We never thought we’d be writing this on a sleepy August morning, but an article that appeared over the weekend marks a turning point for our country’s graphic design coverage. With one intelligent swoop designers have gone from “those wacky type wonks” to “those smart people who are really doing something valuable for culture.”
“The Road to Clarity” is by Joshua Yaffa (who we’re planning on marrying later this week) and it’s a massive six-pager in the NY Times Mag about how the freeway signage across America is slowly being re-set in the superior Clearview, not the fuzzy Highway Gothic we’ve come to love. The article is a truly in-depth look at these tinkerers of type, with WSJ-like headshot illustrations of the designers behind the movement, Don Meeker and James Montalbano, as well as Tobias Frere-Jones (looking quite dapper, we must say).
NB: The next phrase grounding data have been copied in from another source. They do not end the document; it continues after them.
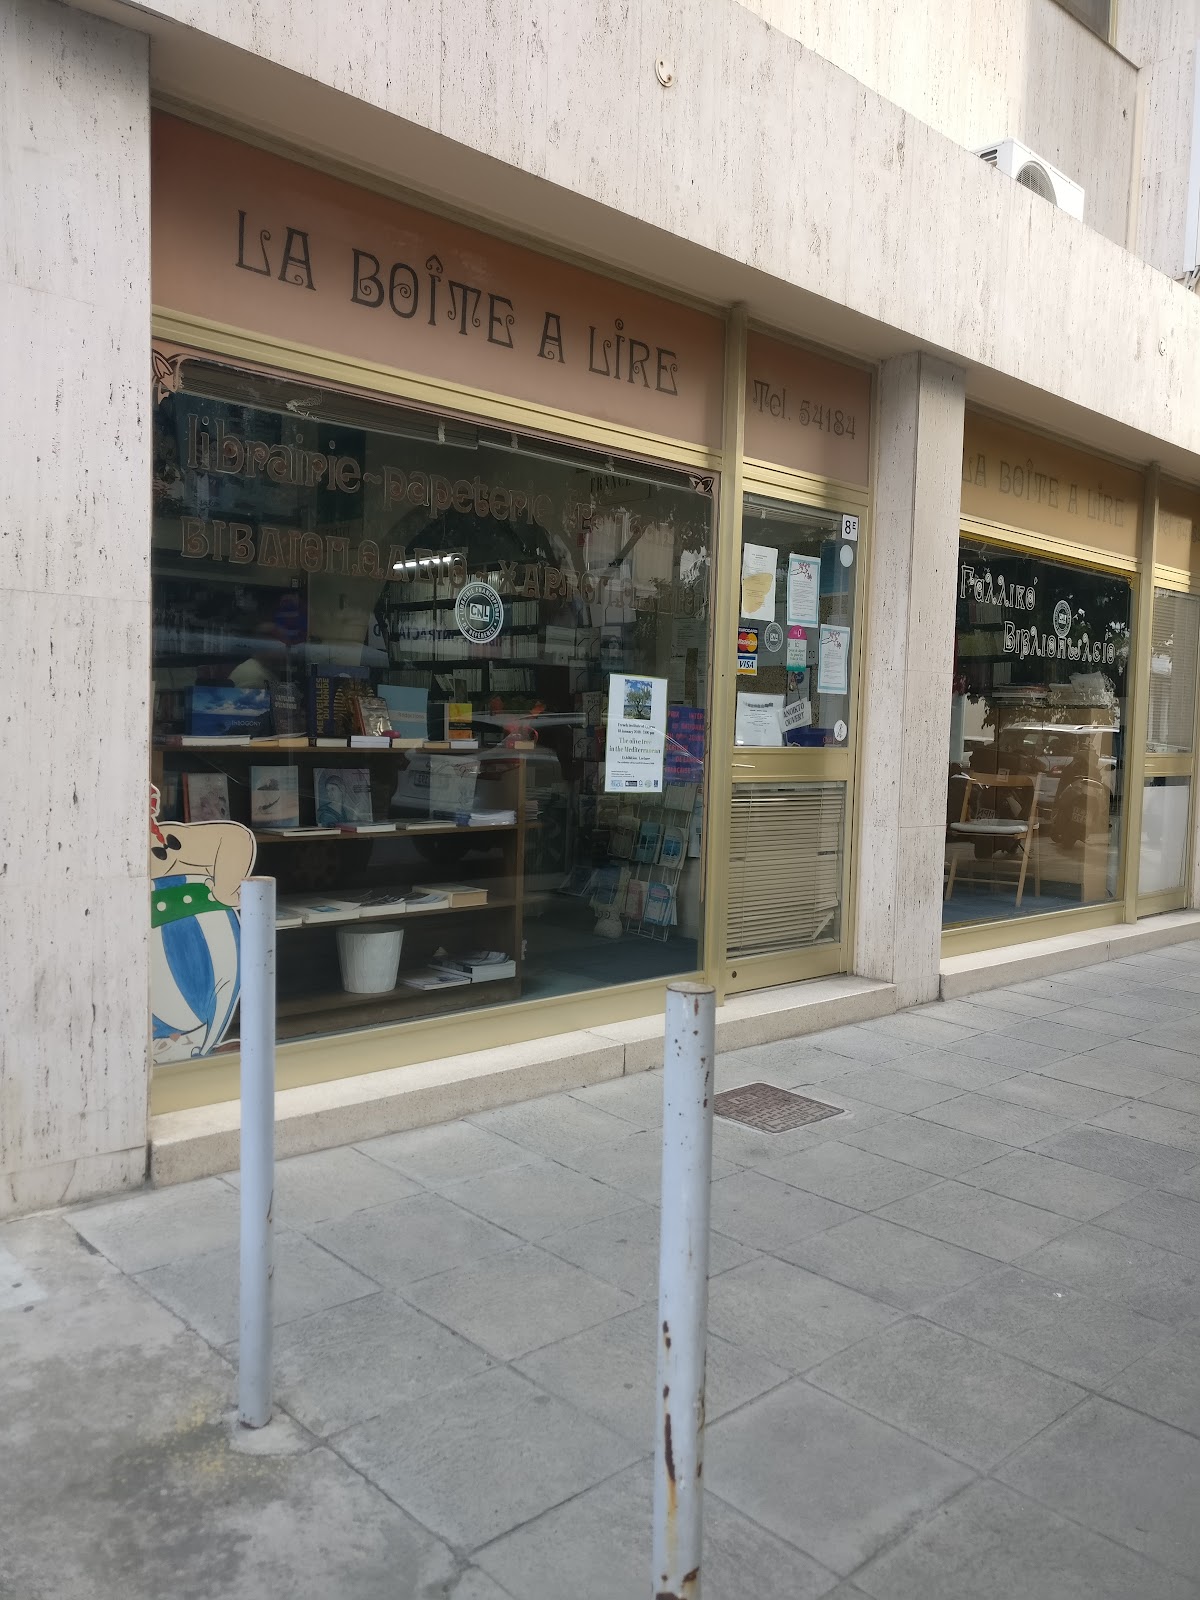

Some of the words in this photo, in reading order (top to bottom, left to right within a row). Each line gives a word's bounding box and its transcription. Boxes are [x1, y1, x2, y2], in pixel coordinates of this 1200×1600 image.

[234, 210, 317, 291] LA
[349, 247, 516, 350] BOÎTE
[537, 311, 566, 364] A
[588, 317, 678, 396] LIRE
[753, 379, 791, 421] Tel.
[799, 399, 856, 440] 54184
[1067, 482, 1078, 515] A
[1087, 481, 1124, 528] LIRE
[471, 605, 489, 619] CNL
[739, 660, 754, 669] VISA
[316, 677, 324, 735] MERVEILLES
[323, 709, 330, 720] DU
Along the way we learn many valuable facts, like how Helvetica didn’t make the cut (this is no popularity contest), why they didn’t use Interstate (well, it seemed like the obvious choice to us), and the excruciating process of selling Clearview through the many layers of government (enough to make you want to run for office). In the end, it’s an incredibly-detailed and much-overdue look at the work of all the peeps we surely have no shortage of love for, but this time it actually seems like the rest of the world is finally coming around.